◆ Records ◆
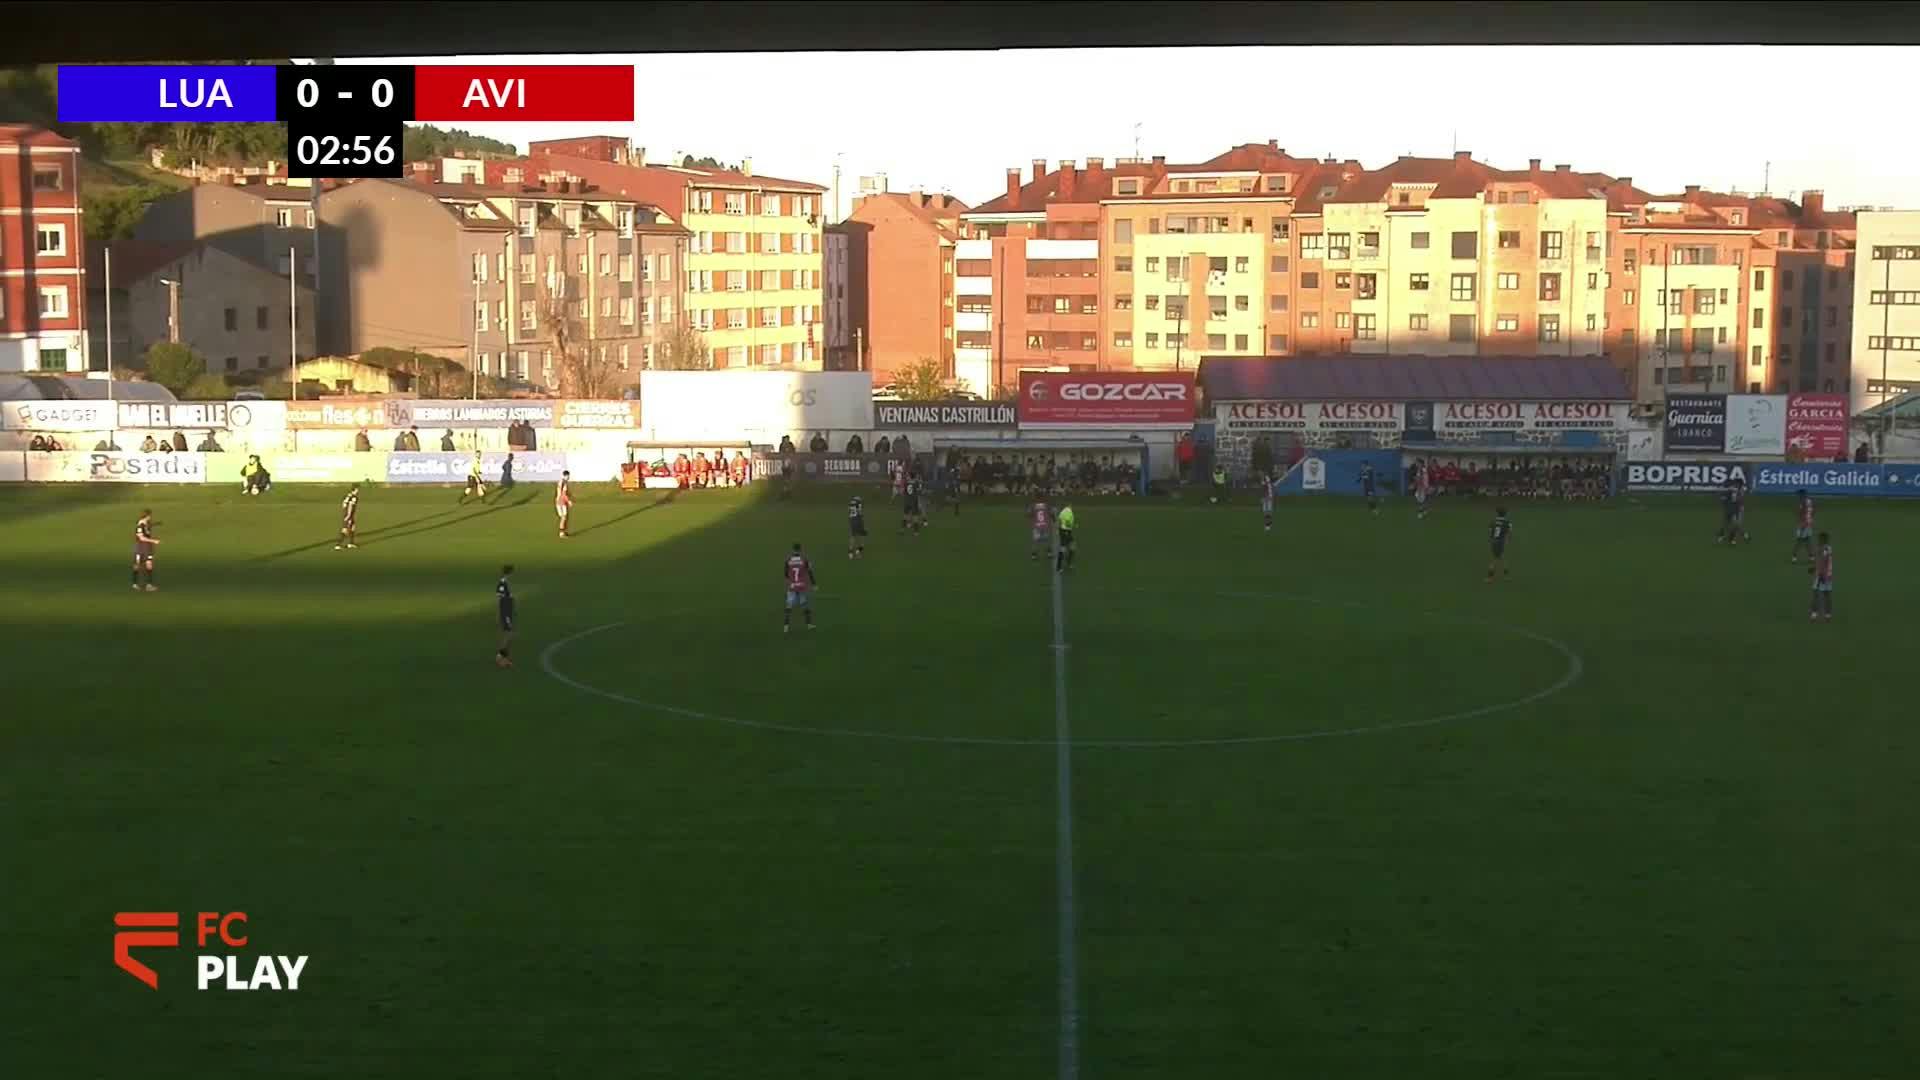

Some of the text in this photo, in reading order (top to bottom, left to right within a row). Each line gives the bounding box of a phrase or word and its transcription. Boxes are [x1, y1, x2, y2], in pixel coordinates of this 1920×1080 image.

[1060, 383, 1186, 400] GOZCAR
[880, 405, 1015, 424] VENTANAS CASTRILLÓN
[1228, 403, 1306, 420] ACESOL
[1319, 403, 1397, 420] ACESOL
[1446, 403, 1526, 420] ACESOL
[1535, 403, 1614, 419] ACESOL
[1669, 411, 1724, 428] Guernica
[1789, 409, 1844, 417] GARCIA
[1680, 429, 1713, 438] LUANCO
[90, 454, 198, 475] Posada
[1628, 465, 1746, 484] BOPRISA
[1760, 469, 1820, 485] Estrella
[1824, 470, 1880, 486] Galicia

◆ Task objective ◆
Write out the full listing verbatim, excluding its pictures.

◆ Exercise solution ◆
Some of the text in this photo, in reading order (top to bottom, left to right within a row). Each line gives the bounding box of a phrase or word and its transcription. Boxes are [x1, y1, x2, y2], in pixel coordinates of this 1920×1080 image.

[1060, 383, 1186, 400] GOZCAR
[880, 405, 1015, 424] VENTANAS CASTRILLÓN
[1228, 403, 1306, 420] ACESOL
[1319, 403, 1397, 420] ACESOL
[1446, 403, 1526, 420] ACESOL
[1535, 403, 1614, 419] ACESOL
[1669, 411, 1724, 428] Guernica
[1789, 409, 1844, 417] GARCIA
[1680, 429, 1713, 438] LUANCO
[90, 454, 198, 475] Posada
[1628, 465, 1746, 484] BOPRISA
[1760, 469, 1820, 485] Estrella
[1824, 470, 1880, 486] Galicia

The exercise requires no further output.